**What is required**
Please restate each line of the data below exactly. Omit all images.
▬▬▬▬▬▬▬▬▬▬
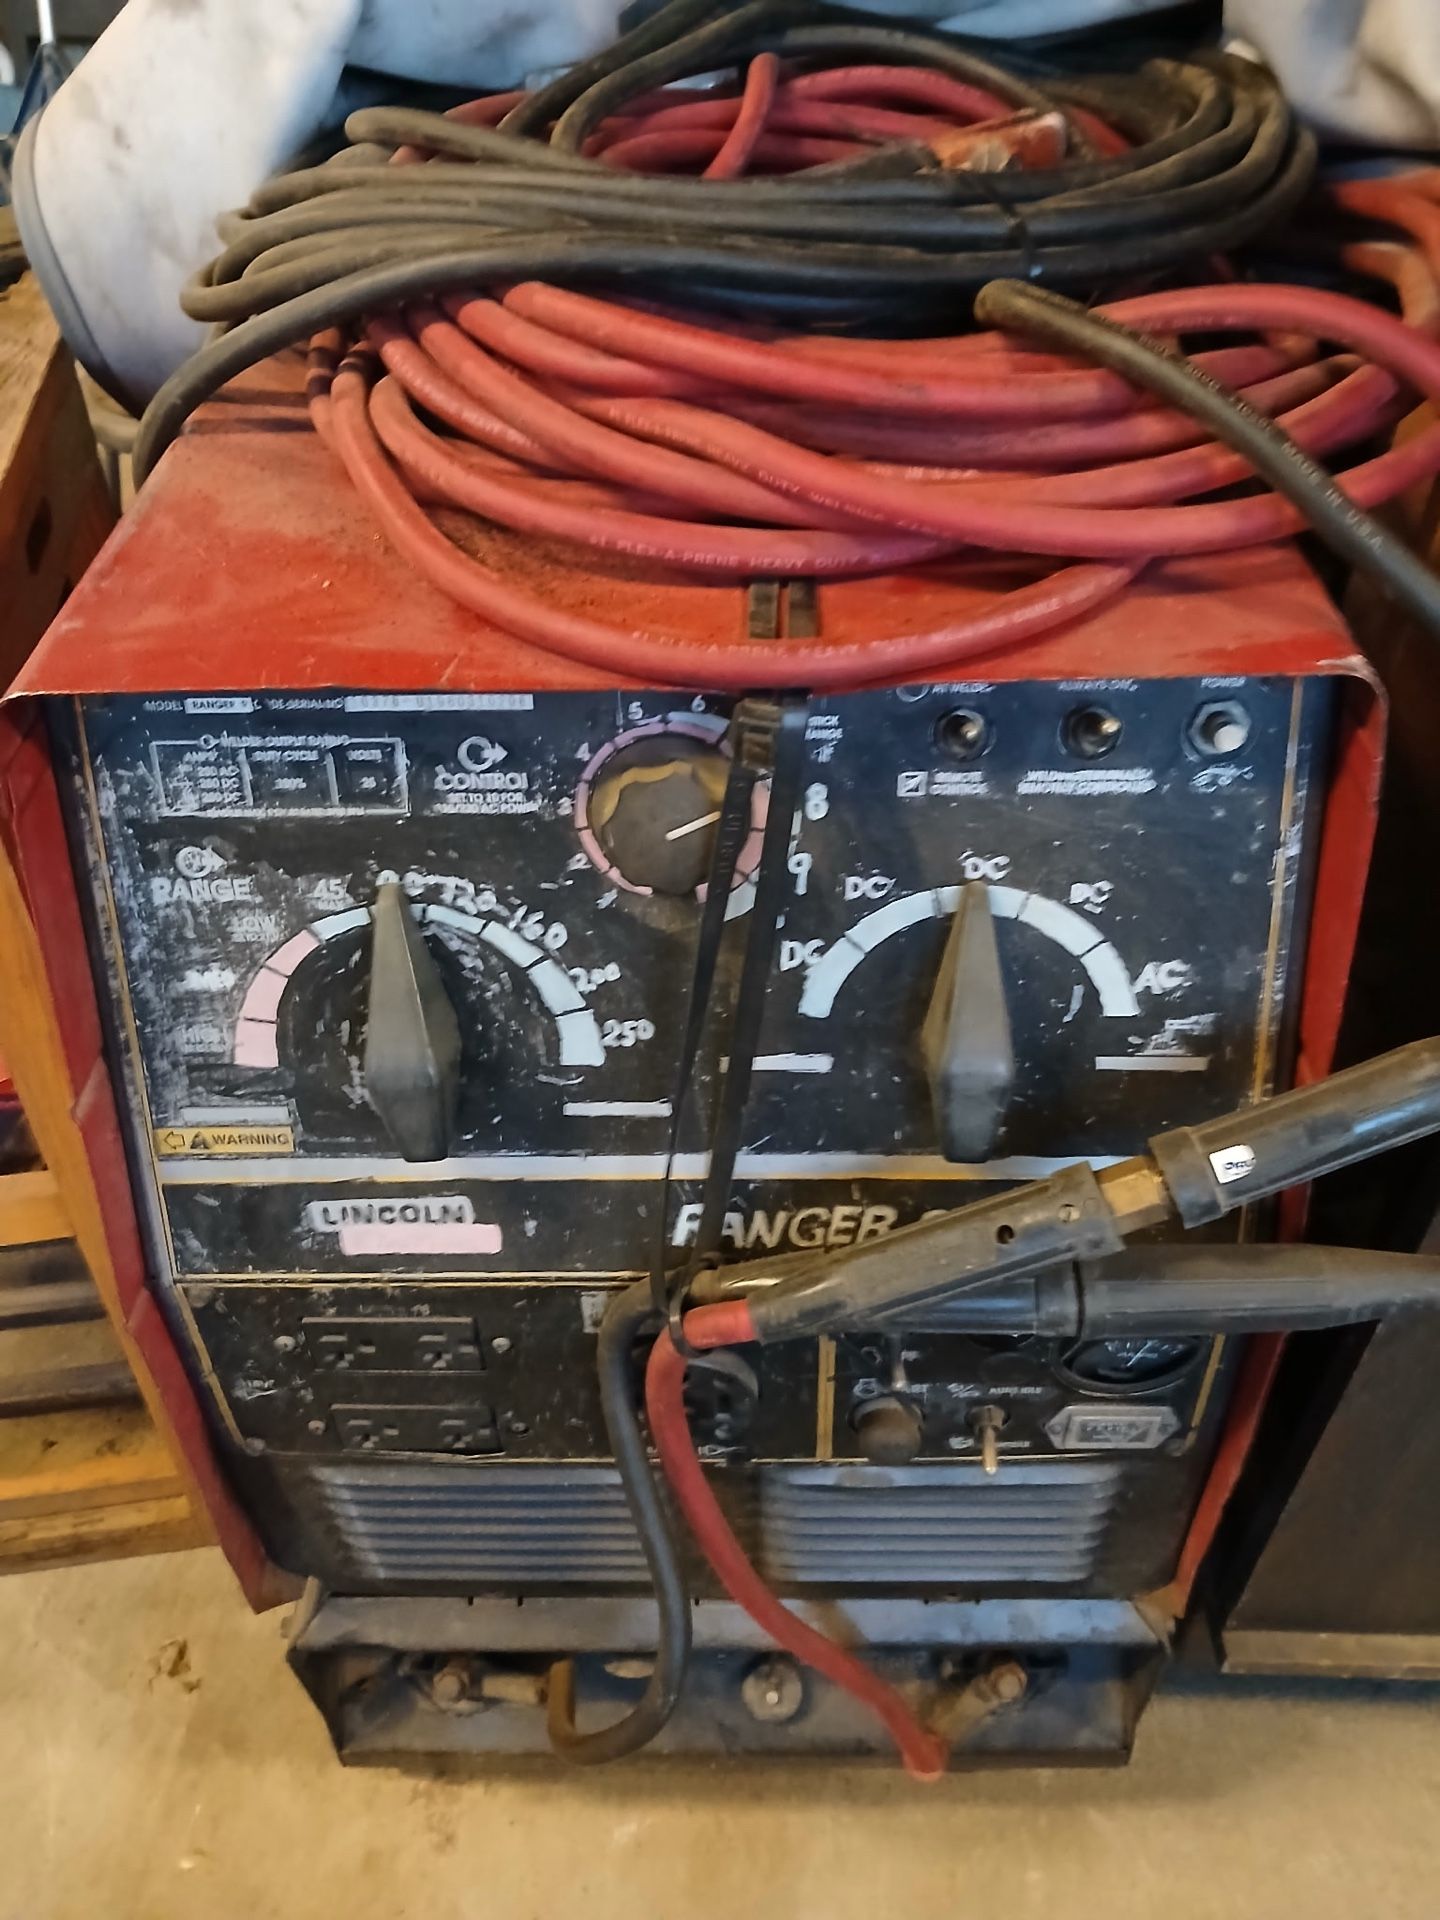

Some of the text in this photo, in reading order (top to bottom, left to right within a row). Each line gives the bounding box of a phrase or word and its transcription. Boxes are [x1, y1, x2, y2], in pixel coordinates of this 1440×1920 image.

[757, 468, 801, 495] DUTY
[1281, 440, 1322, 487] MADE
[1325, 487, 1344, 508] IN
[750, 556, 806, 570] HEAVY
[814, 554, 861, 570] DUTY
[143, 700, 184, 711] MODEL
[627, 702, 645, 720] 5
[691, 695, 706, 713] 6
[575, 742, 592, 762] 4
[804, 782, 829, 821] 8
[787, 852, 813, 896] 9
[962, 854, 1011, 881] DC
[150, 875, 254, 904] RANGE
[312, 877, 344, 898] 45
[844, 874, 894, 901] DC
[780, 937, 826, 971] DC
[1133, 959, 1191, 995] AC
[601, 1018, 656, 1048] 250
[211, 1132, 291, 1147] WARNING
[320, 1203, 466, 1225] LINCOLN
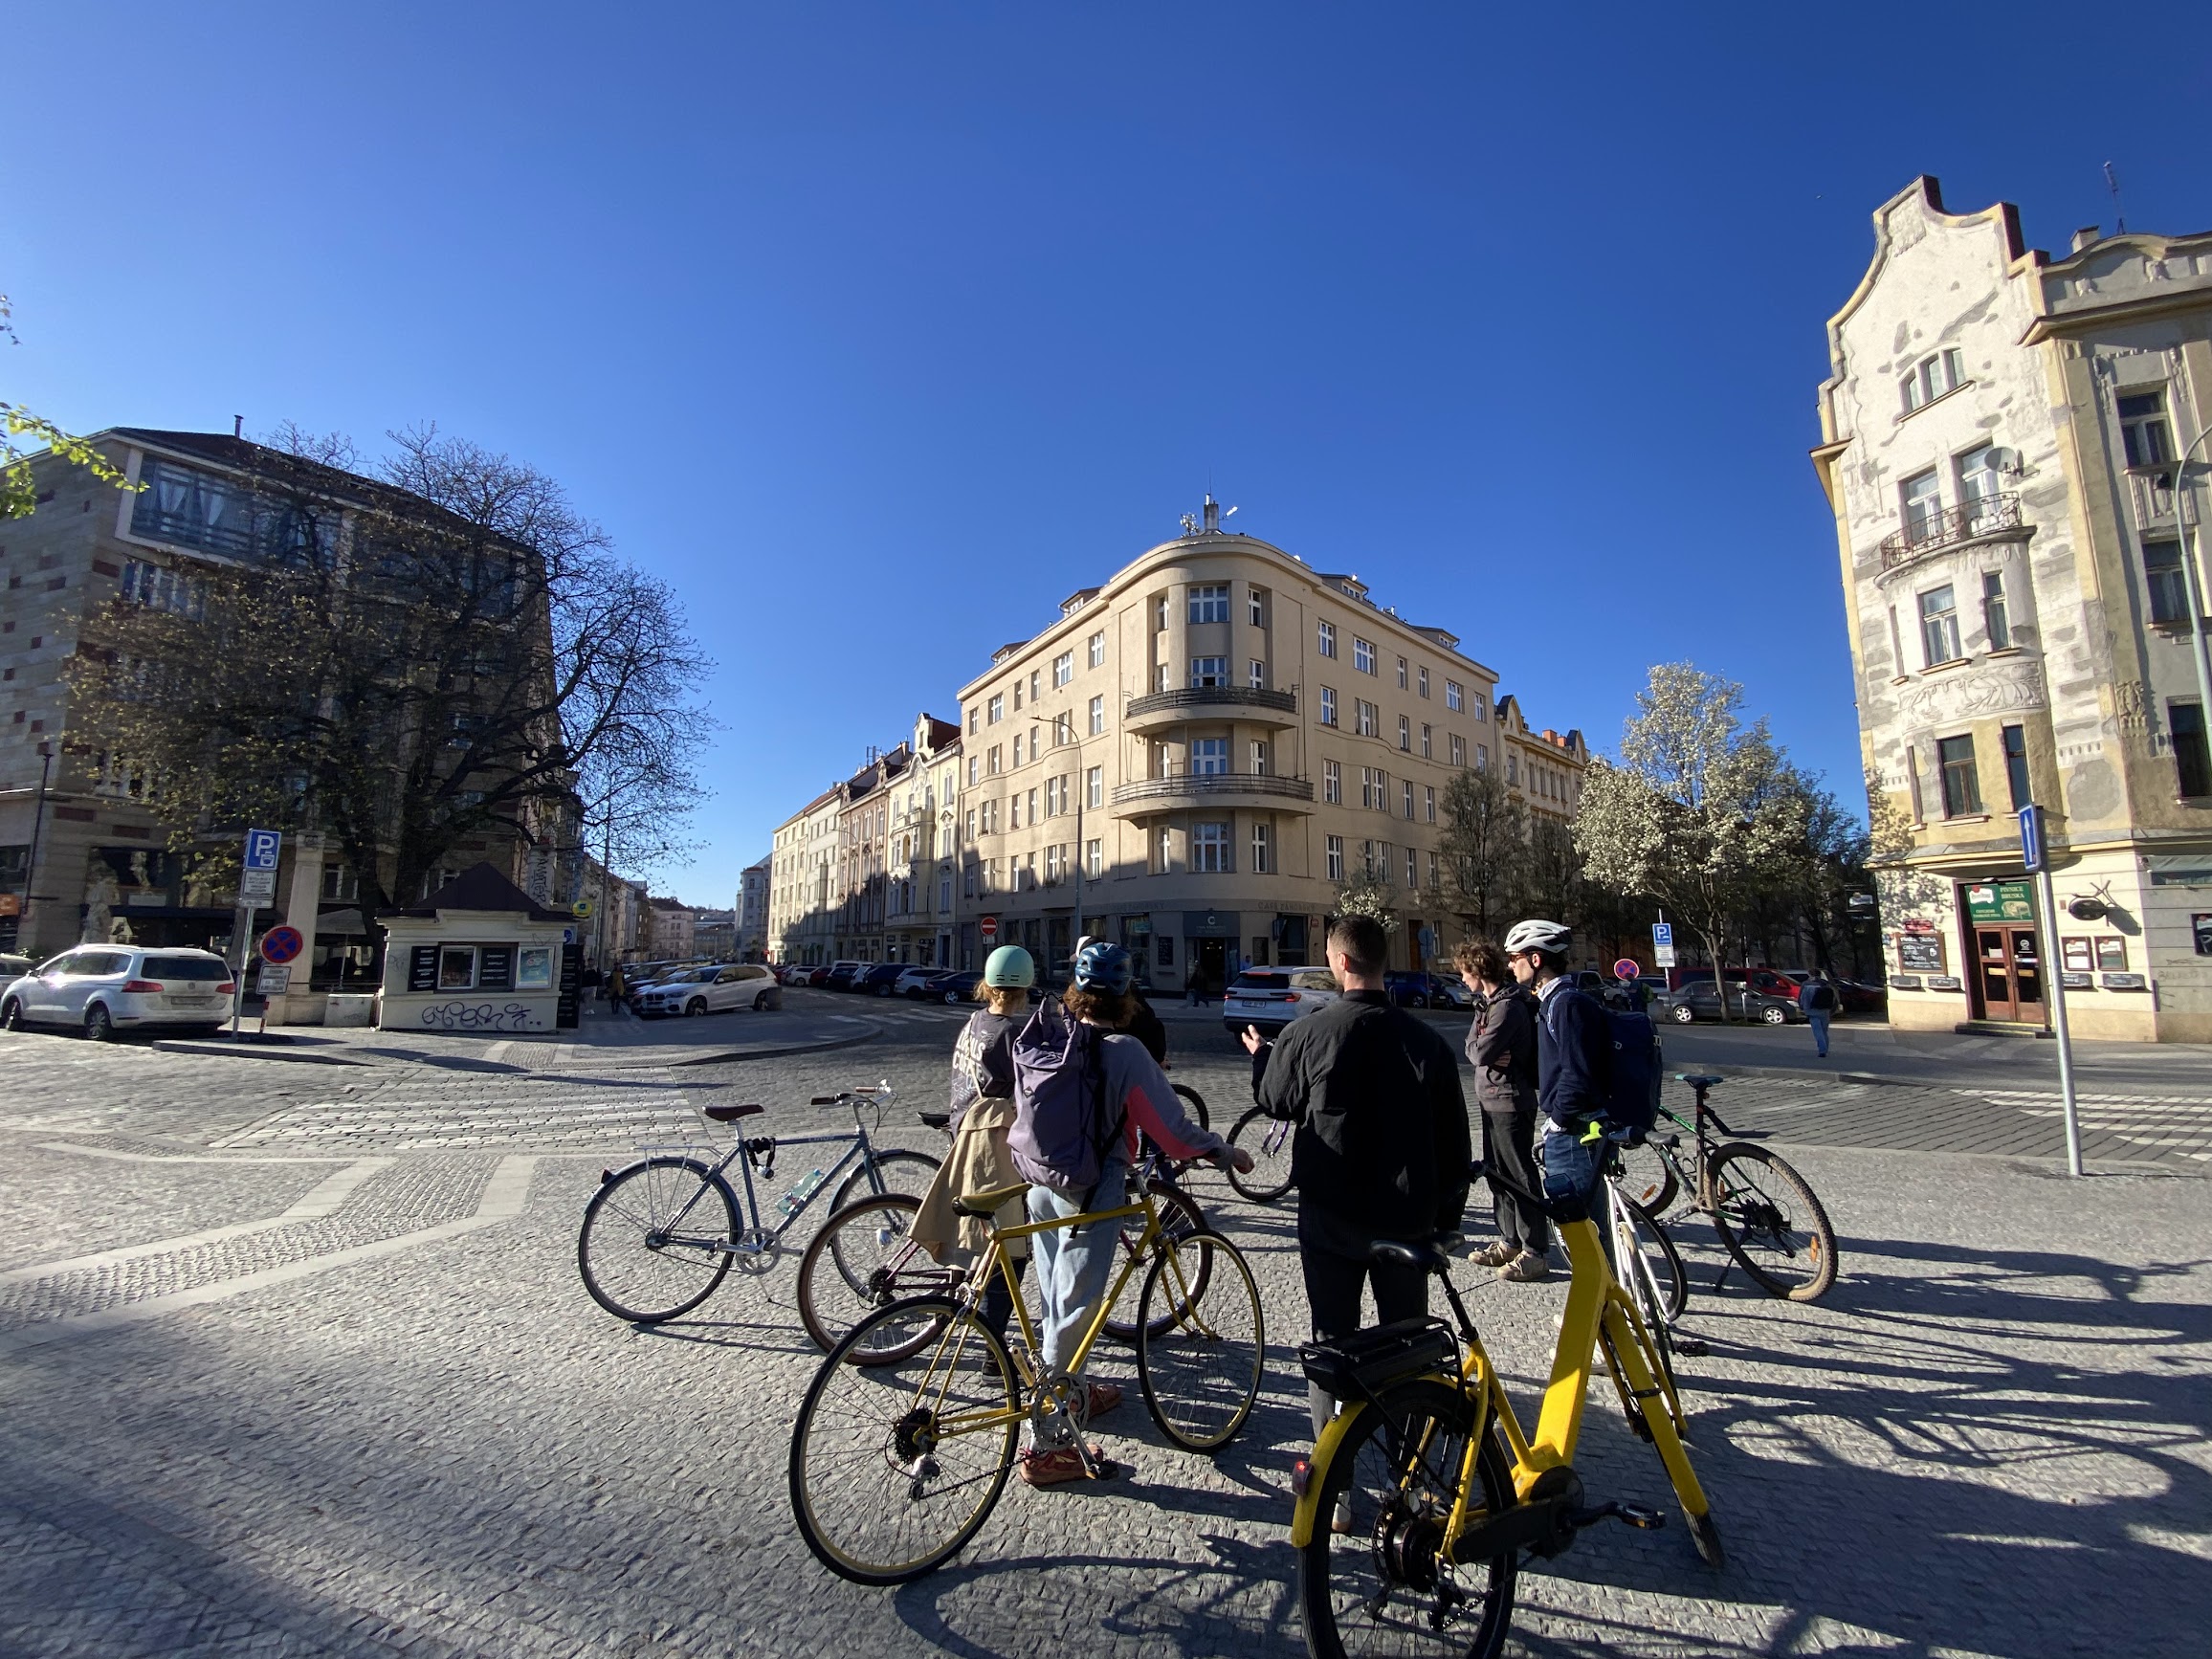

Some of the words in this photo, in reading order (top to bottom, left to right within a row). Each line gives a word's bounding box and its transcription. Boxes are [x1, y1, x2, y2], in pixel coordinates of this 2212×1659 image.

[255, 834, 275, 856] P
[1656, 926, 1667, 939] P
[953, 1051, 984, 1082] COFFE
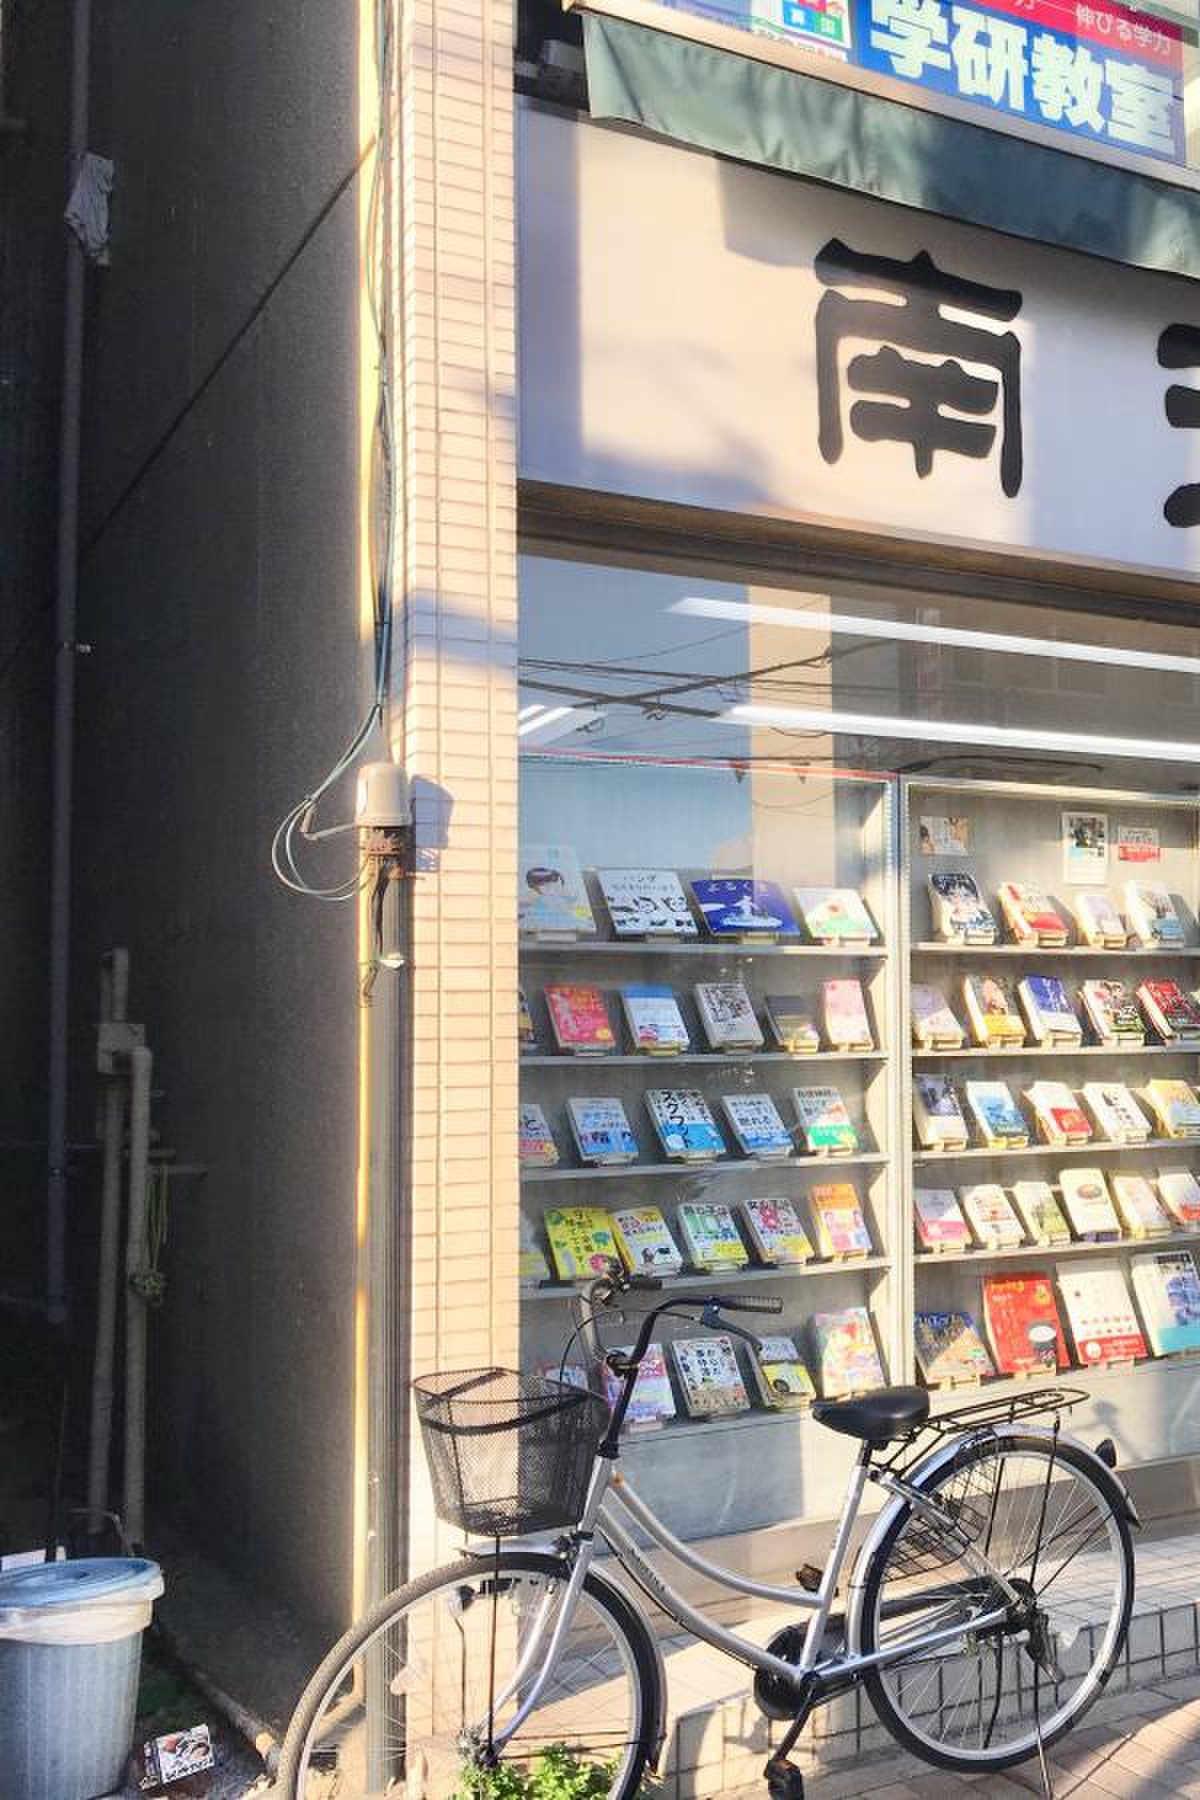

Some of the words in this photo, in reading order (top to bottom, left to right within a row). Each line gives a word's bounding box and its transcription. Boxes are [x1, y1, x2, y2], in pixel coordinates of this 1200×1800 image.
▬▬▬▬▬▬▬▬▬▬
**Solution for this exercise**
Some of the text in this photo, in reading order (top to bottom, left to right within a row). Each line gives the bounding box of a phrase or word and its transcription. Boxes are [x1, y1, x2, y2], in pixel coordinates of this 1440×1920 image.

[757, 468, 801, 495] DUTY
[1281, 440, 1322, 487] MADE
[1325, 487, 1344, 508] IN
[750, 556, 806, 570] HEAVY
[814, 554, 861, 570] DUTY
[143, 700, 184, 711] MODEL
[627, 702, 645, 720] 5
[691, 695, 706, 713] 6
[575, 742, 592, 762] 4
[804, 782, 829, 821] 8
[787, 852, 813, 896] 9
[962, 854, 1011, 881] DC
[150, 875, 254, 904] RANGE
[312, 877, 344, 898] 45
[844, 874, 894, 901] DC
[780, 937, 826, 971] DC
[1133, 959, 1191, 995] AC
[601, 1018, 656, 1048] 250
[211, 1132, 291, 1147] WARNING
[320, 1203, 466, 1225] LINCOLN

Some of the words in this photo, in reading order (top to bottom, left to right within a row). Each line gives a word's bounding box and its transcription. Boxes are [x1, y1, x2, y2], in pixel coordinates of this 2212×1659 image.

[255, 834, 275, 856] P
[1656, 926, 1667, 939] P
[953, 1051, 984, 1082] COFFE

Some of the words in this photo, in reading order (top to bottom, left to right within a row). Each line gives a word's bounding box and its transcription. Boxes are [x1, y1, x2, y2], in pixel coordinates of this 1200×1800 image.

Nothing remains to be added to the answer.